Work instructions:
From top to bottom, print the listing word for word and skip any pictures it contains.

————————

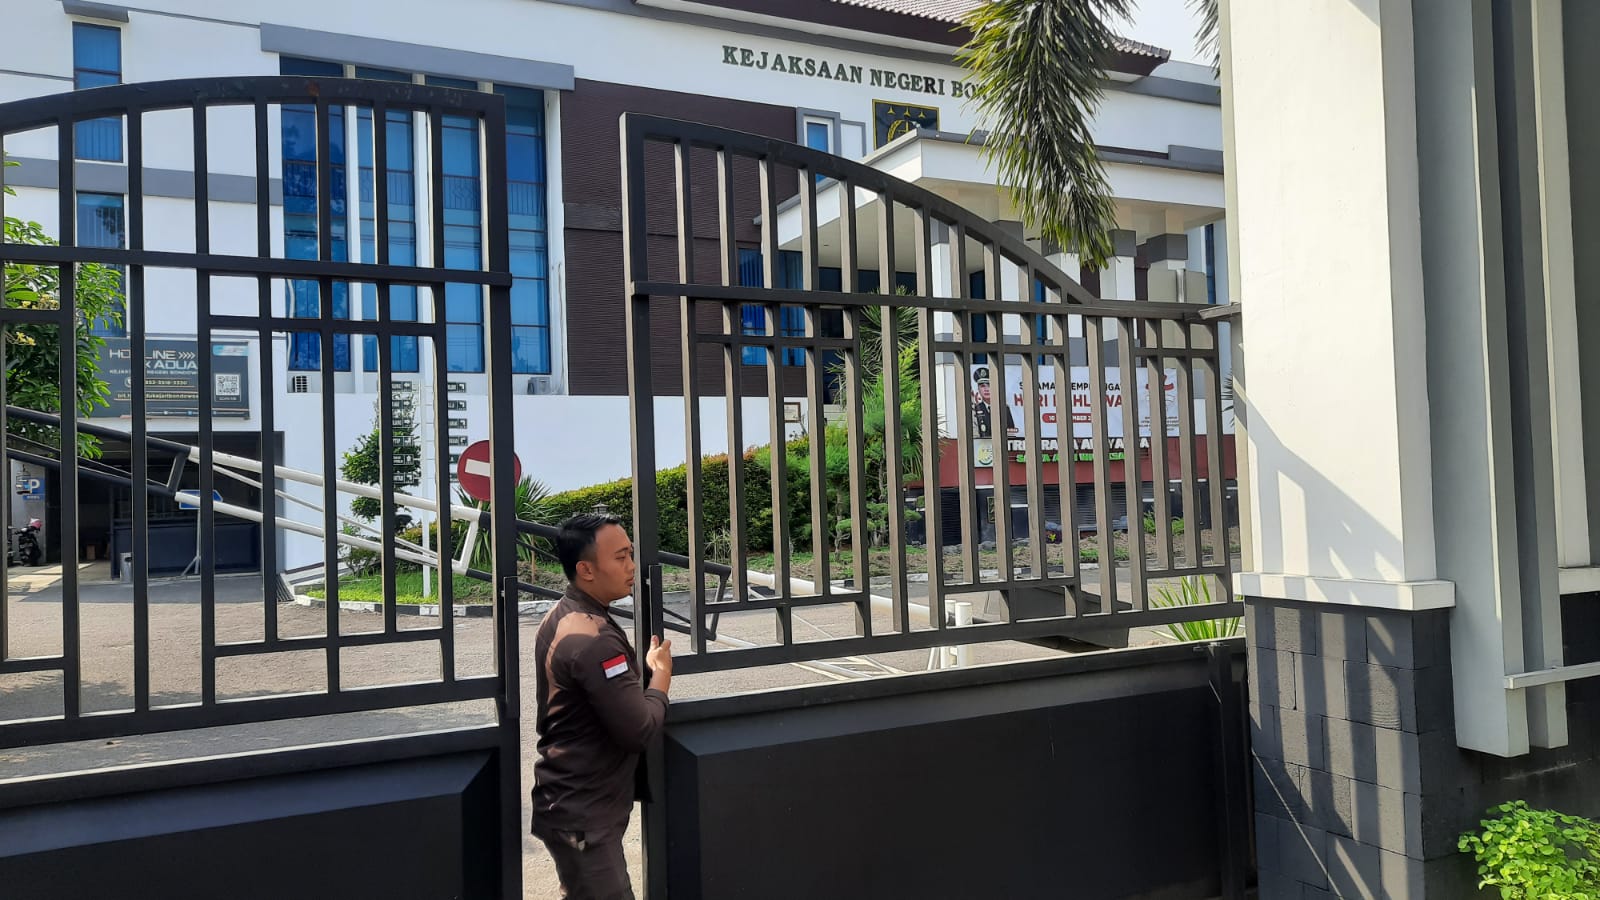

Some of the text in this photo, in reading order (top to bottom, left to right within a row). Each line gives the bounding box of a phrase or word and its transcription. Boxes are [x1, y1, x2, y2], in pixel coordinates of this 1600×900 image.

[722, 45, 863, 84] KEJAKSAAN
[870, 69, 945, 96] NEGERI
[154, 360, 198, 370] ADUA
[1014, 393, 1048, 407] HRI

————————

Problem solution:
Some of the text in this photo, in reading order (top to bottom, left to right within a row). Each line gives the bounding box of a phrase or word and its transcription. Boxes are [x1, y1, x2, y2], in pixel coordinates of this 1600×900 image.

[722, 45, 863, 84] KEJAKSAAN
[870, 69, 945, 96] NEGERI
[154, 360, 198, 370] ADUA
[1014, 393, 1048, 407] HRI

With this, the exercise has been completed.